Breeding Mice Without a Father / Aggression in Monkeys / Early Human Brains

This is SCIENCE IN THE NEWS, in VOA Special English. I'm Bob Doughty. And I'm Sarah Long. On our program this week -- making a mouse with two mothers, no father required.

A monkey society where females teach males to be less aggressive.

And a theory why people have a bigger brain but a smaller mouth than early humans.

There is a mouse in Japan with two mothers and no father. How could this happen? Scientists explain how in the magazine Nature. However, the process they used to create this small animal is not new. It is called parthenogenesis.

Parthenogenesis is development with an unfertilized egg or reproductive cell. Some plants and animals reproduce this way. Among them are a number of fish and birds. Scientists thought mammals had to have an egg from a female and sperm from a male to reproduce.

Tomohiro Kono of Tokyo University of Agriculture led a team of Japanese and Korean scientists. They used only female mice in their experiment. They joined the nucleus of an egg from one mouse with the nucleus of an egg from a second mouse.

They combined a young egg with an older egg. The young egg had not yet gone through an important part of development. Its genes were not yet imprinted. During this process, some genes are ordered to work and others are not.

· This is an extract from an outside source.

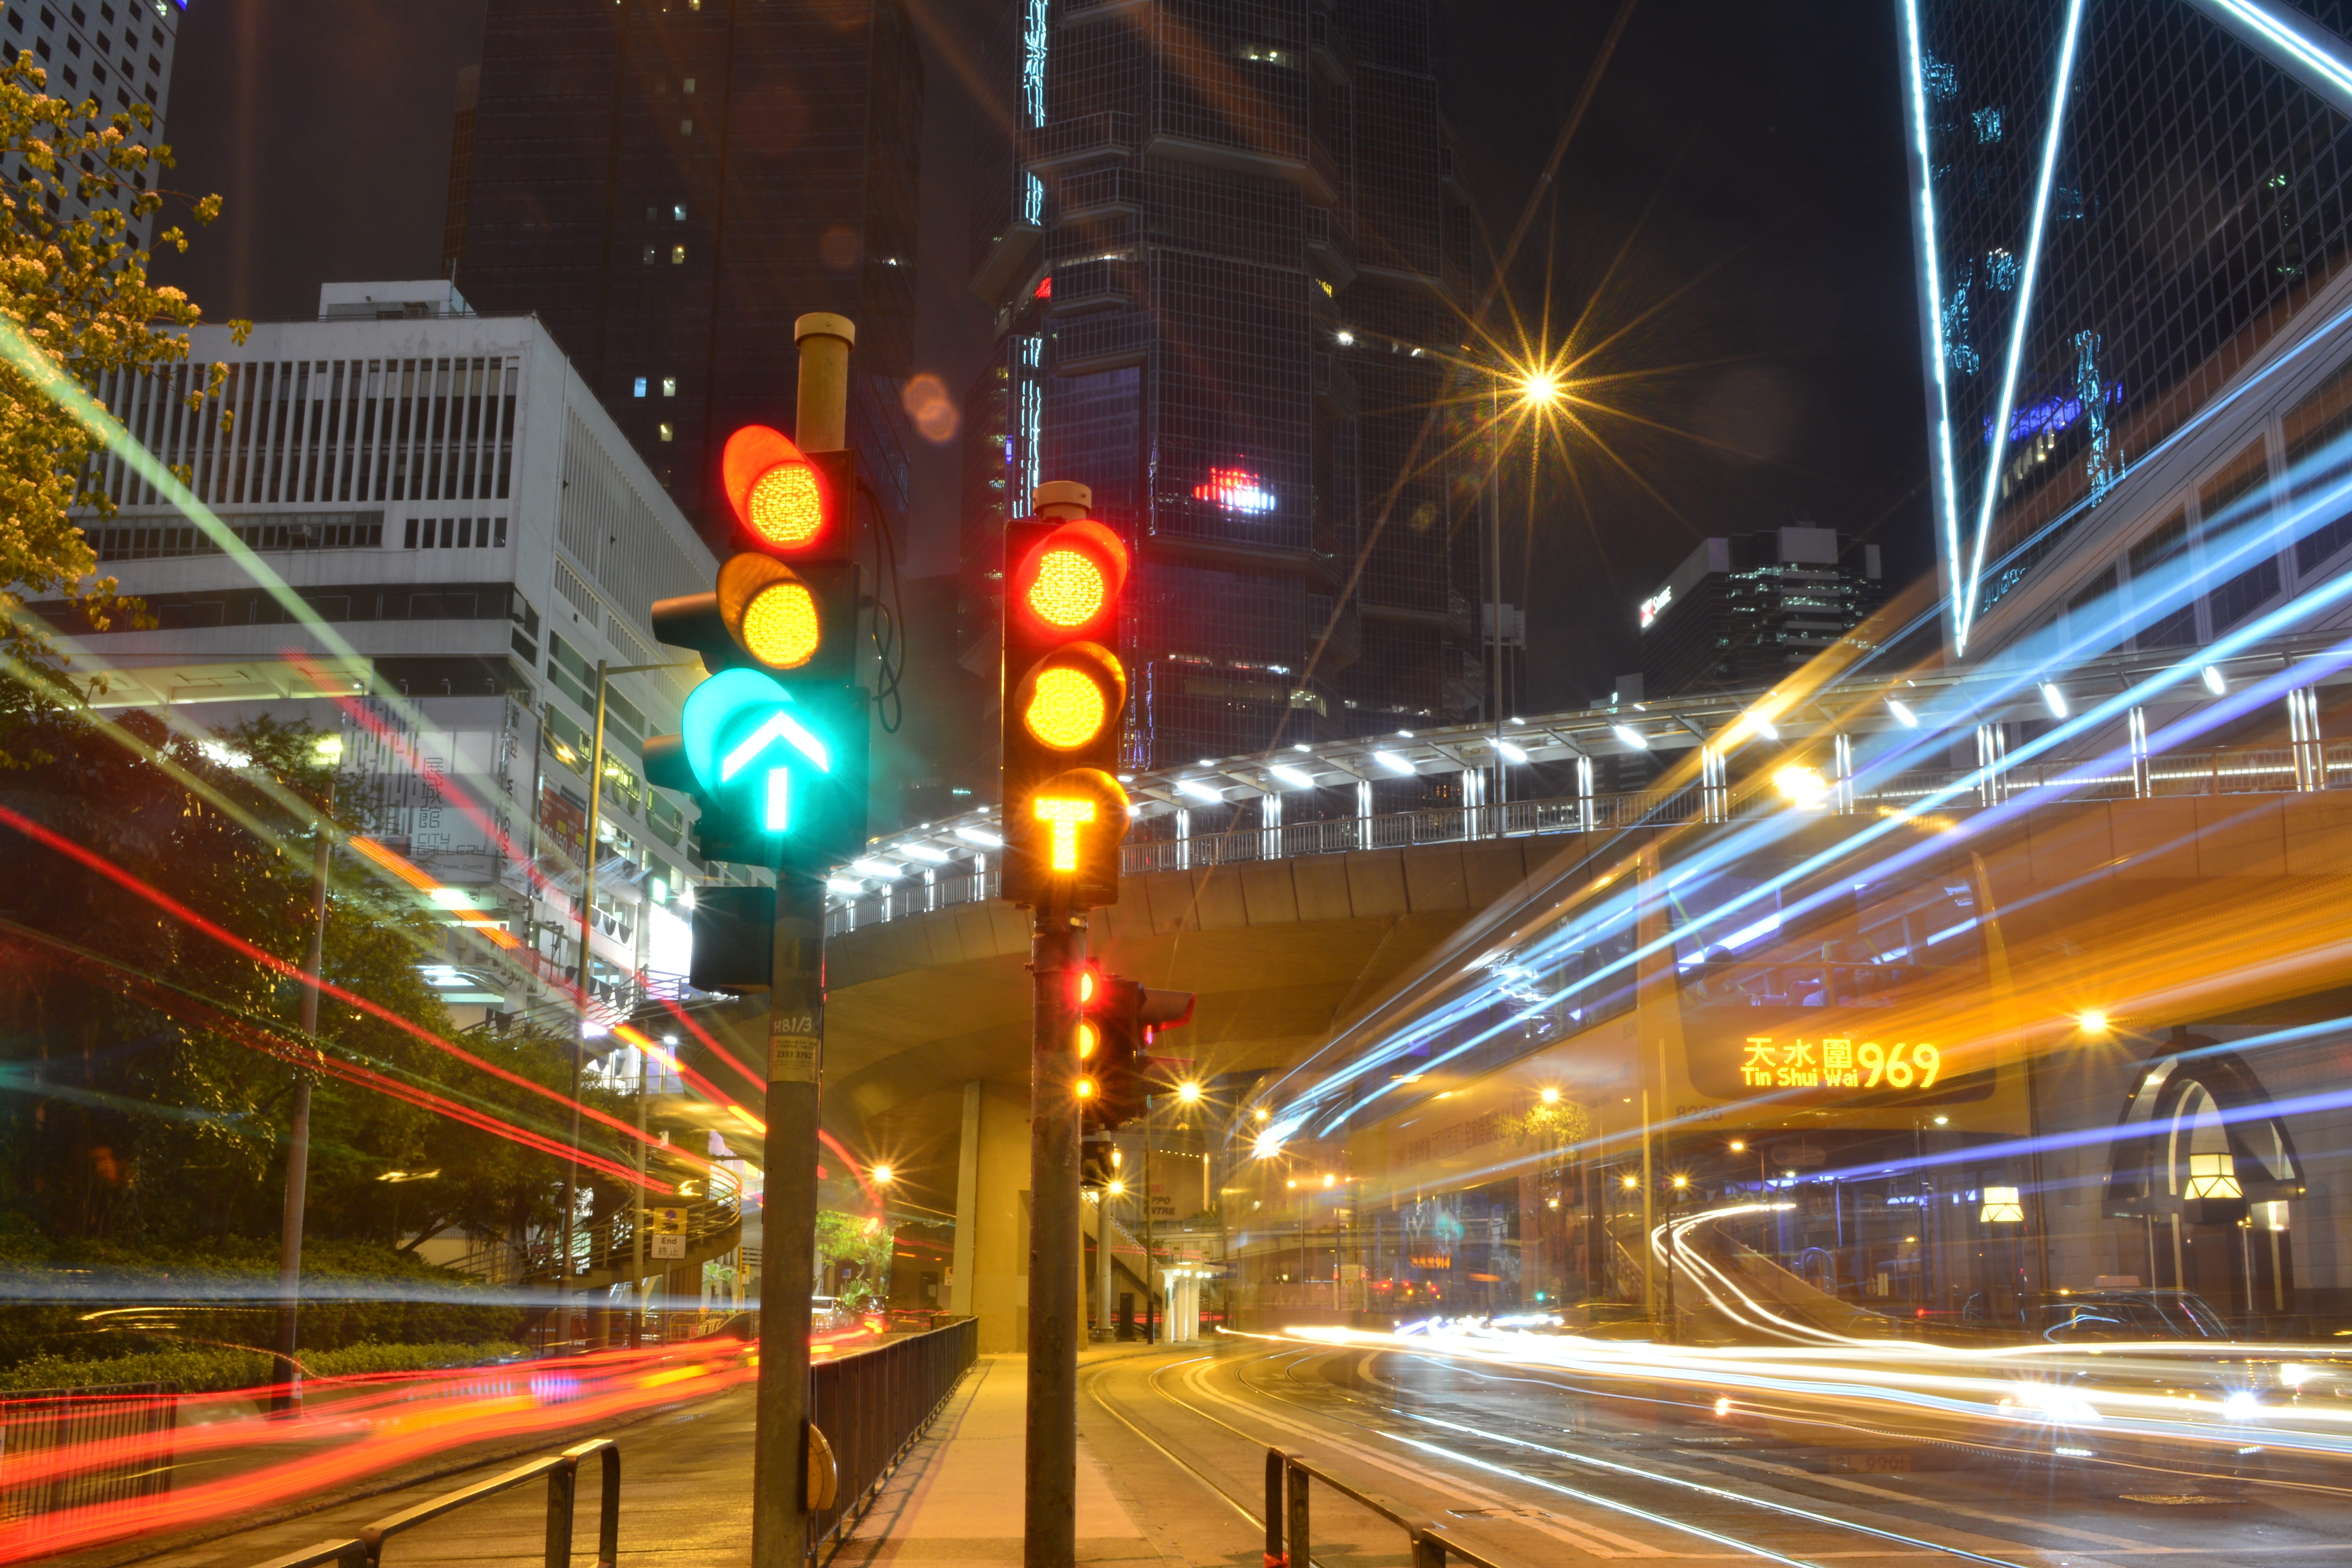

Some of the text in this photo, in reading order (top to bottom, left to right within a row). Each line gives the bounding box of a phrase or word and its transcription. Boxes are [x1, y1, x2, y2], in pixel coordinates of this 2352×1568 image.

The imprint depends on whether the gene comes from the mother or the father. Eggs and sperm have similar sets of genes. But the imprint decides which gene in a set should be active and which should not.

The young egg came from a genetically engineered mouse. This mouse was made to lack two genes linked to the growth of a fetus.

Tomohiro Kono says he thinks the young egg acted more like a sperm because of the missing genes. The older egg was already imprinted. It had all the normal genes.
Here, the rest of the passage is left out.